#### Problem to work on:
Without the images, set down each entry exactly.
Start of Block
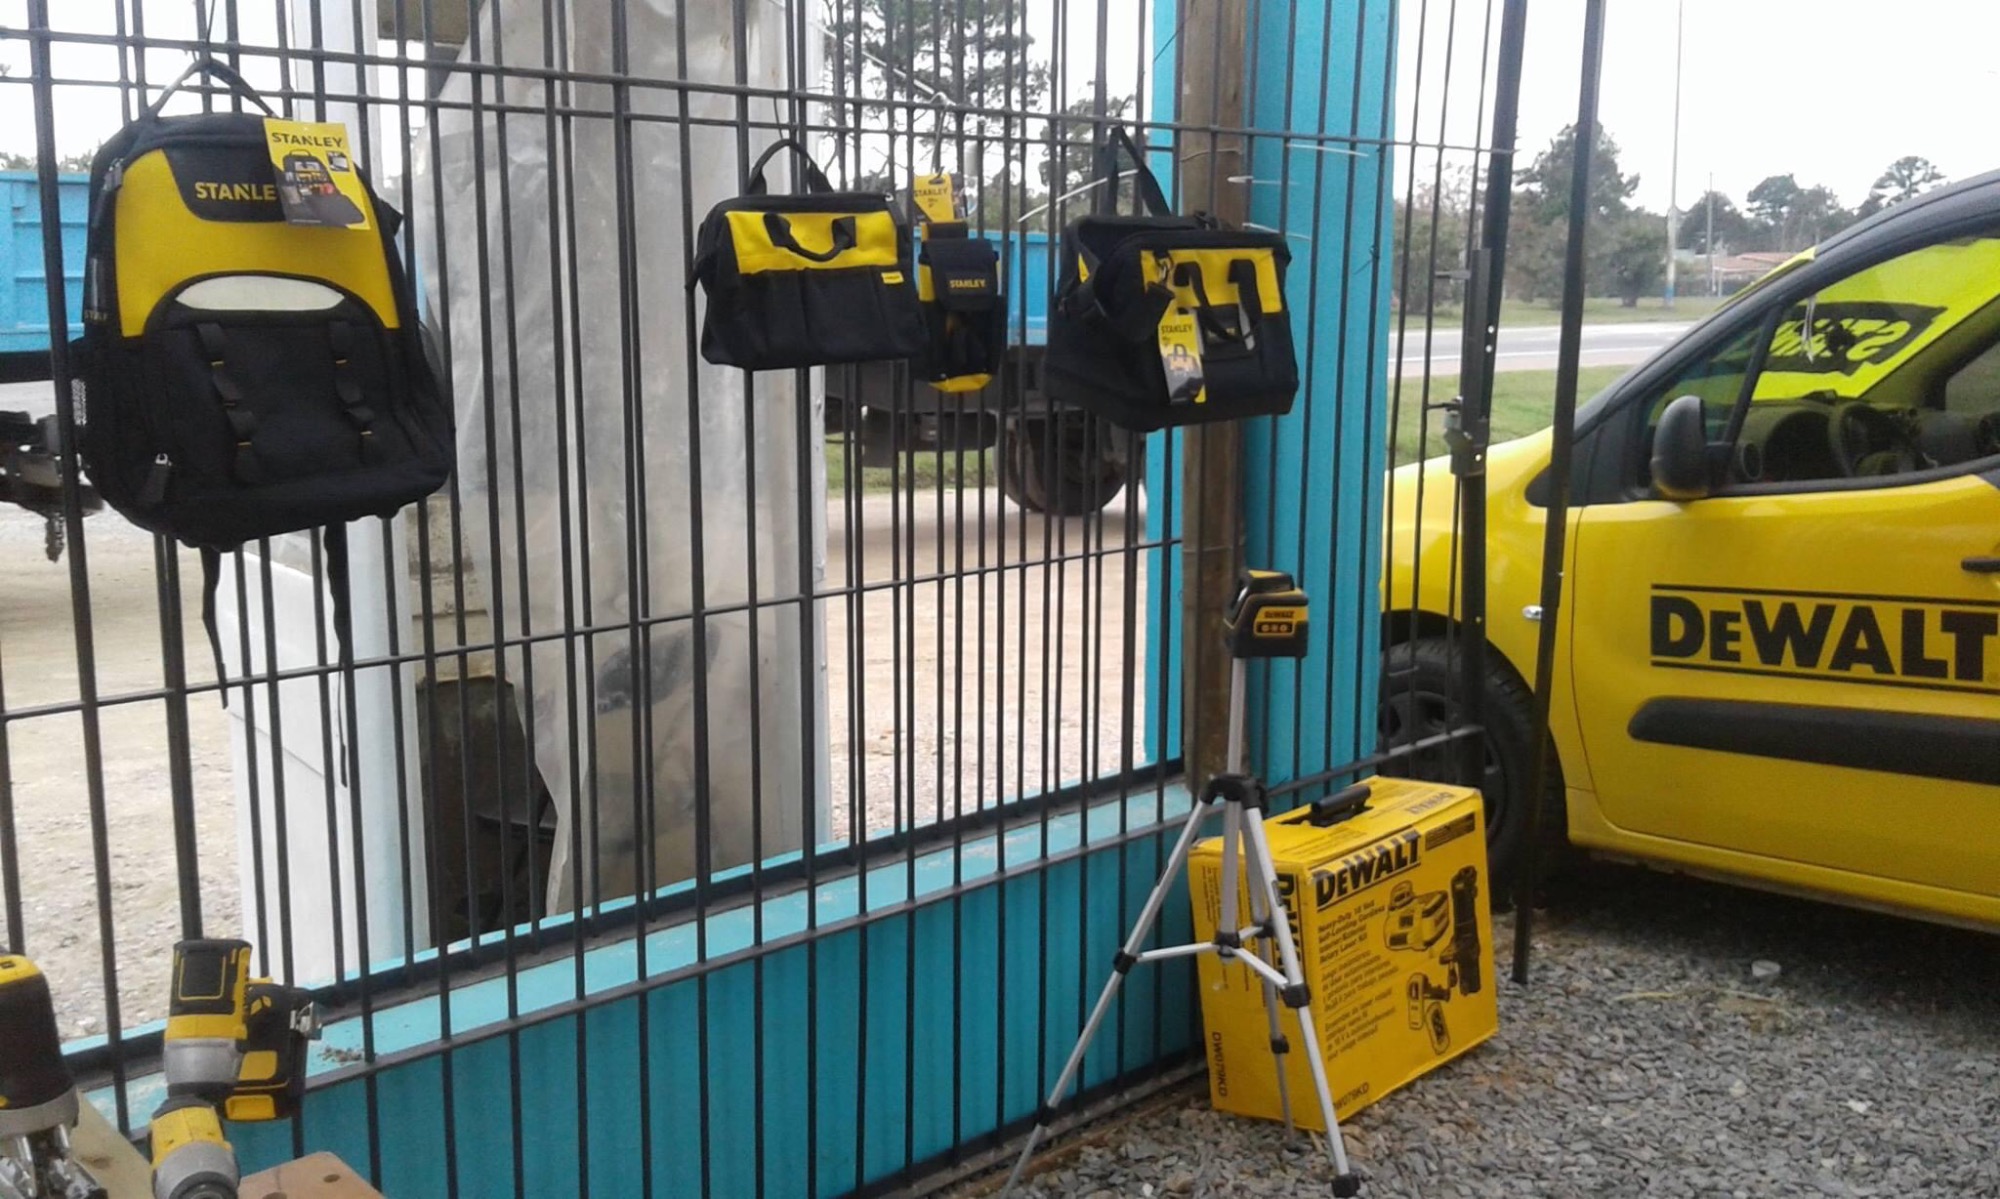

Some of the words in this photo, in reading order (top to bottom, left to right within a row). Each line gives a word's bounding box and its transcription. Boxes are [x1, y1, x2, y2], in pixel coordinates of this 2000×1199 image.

[272, 132, 344, 148] STANLEY
[195, 182, 278, 201] STANLE
[914, 187, 948, 198] STANLEY
[949, 279, 986, 289] STANLEY
[1161, 324, 1193, 335] STANLEY
[1651, 595, 1999, 681] DEWALT
[1312, 830, 1421, 907] DEWALT
End of Block
#### Output below:
Some of the words in this photo, in reading order (top to bottom, left to right within a row). Each line gives a word's bounding box and its transcription. Boxes are [x1, y1, x2, y2], in pixel coordinates of this 2000×1199 image.

[272, 132, 344, 148] STANLEY
[195, 182, 278, 201] STANLE
[914, 187, 948, 198] STANLEY
[949, 279, 986, 289] STANLEY
[1161, 324, 1193, 335] STANLEY
[1651, 595, 1999, 681] DEWALT
[1312, 830, 1421, 907] DEWALT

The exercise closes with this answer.